Por Blanca Caballero
Nadie supo nunca cómo ni por qué llegó.
Lo vieron en el umbral de la puerta. Todos alzaron la mirada y lo recorrieron con la vista, indiferentes. Él no se atrevía a mover un músculo, esperando una señal de aprobación.
En el local, un grupo debatía sobre filosofía y otros temas del saber. Pasó una hora antes de que Raúl, el poeta, se acercara con calma. Lo observó con detenimiento, lo rodeó y, frunciendo el ceño, tomó sus alas y las desplegó en toda su extensión.

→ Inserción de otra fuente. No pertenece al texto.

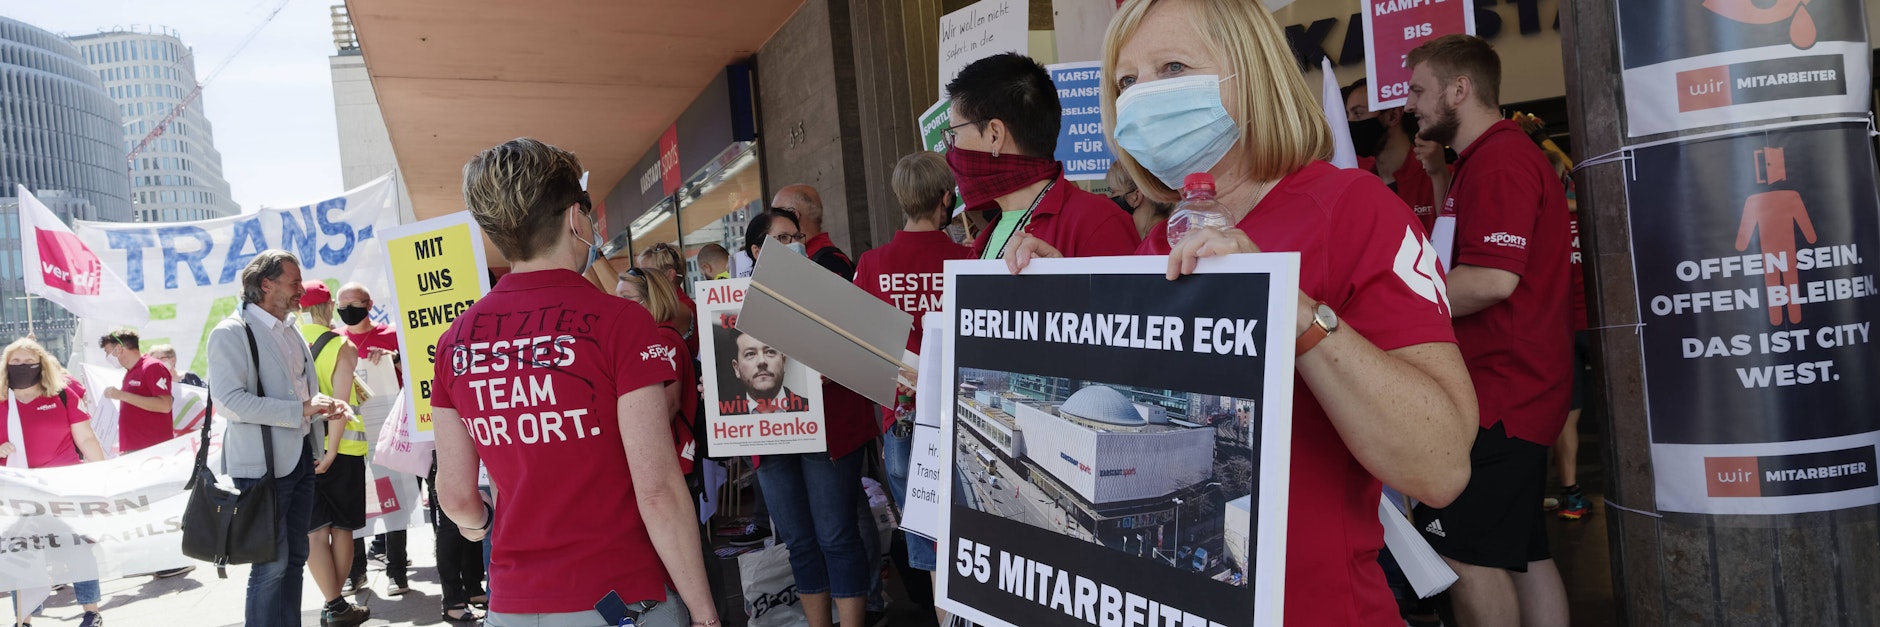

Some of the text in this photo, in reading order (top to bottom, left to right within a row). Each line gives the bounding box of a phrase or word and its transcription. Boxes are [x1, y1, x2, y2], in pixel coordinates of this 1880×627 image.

Mientras realizaba ese gesto, los demás comenzaron a prestarle atención. Al abrirse completamente las alas, un olor exquisito invadió la habitación. Los presentes se acercaron, tocándolas con curiosidad. ¡Qué maravilla! El aroma, la suavidad, la espléndida blancura. Todos coincidieron en que eran de una belleza inigualable.
Durante esos instantes, Raúl guardó silencio. Algunos esperaban que recitara versos, en armonía con lo sublime del momento, pero no fue así. Salió de la habitación y regresó con unas tijeras. Se detuvo frente a Él, lo miró fijamente, luego se colocó a su espalda y comenzó a cortarle el plumaje. A medida que las plumas caían, las recogía con cuidado y las metía en un cojín, por una abertura oculta. Cuando terminó, guardó las tijeras y el almohadón. Él, mientras tanto, permanecía inmóvil, con una expresión dulce en el rostro.
Dolores, desde un rincón, le dirigió la palabra:
—¿Cómo puedes mantener esa sonrisa bobalicona de forma constante? Deberías cambiar esa expresión. Es fastidiosa.
Él pareció no saber qué hacer. Confuso, bajó la mirada. Su rostro, hasta entonces de pureza inmaculada, se tiñó de vergüenza. Titubeó, dio un paso y adoptó una expresión seria.
Aún seguía en el umbral. Nadie le había indicado que entrara, y empezó a angustiarse. Buscó con la mirada algún gesto de aprobación. Al mover la cabeza, su aureola derramó reflejos dorados que iluminaron la estancia. Los rostros de los presentes se vieron tan bellos que Él sintió un súbito amor, y de sus ojos brotaron lágrimas que descendieron lentamente por sus mejillas.
Mario, el contador, al notar el brillo de la aureola, quedó asombrado. Murmuró algo apenas audible, se acercó con una pinza en las manos y se abalanzó sobre su cabeza. Intentó varias veces arrancarle la corona, pero fue en vano. Incluso, al hacerlo con violencia, le provocó heridas. La sangre comenzó a brotar. Entonces dijo entre dientes:
—Es imposible quitarle esa maldita corona.
Él, exangüe y llorando, hacía temblar la casa con su llanto. Los demás, cansados de la escena, se le acercaron y le dieron un fuerte puntapié.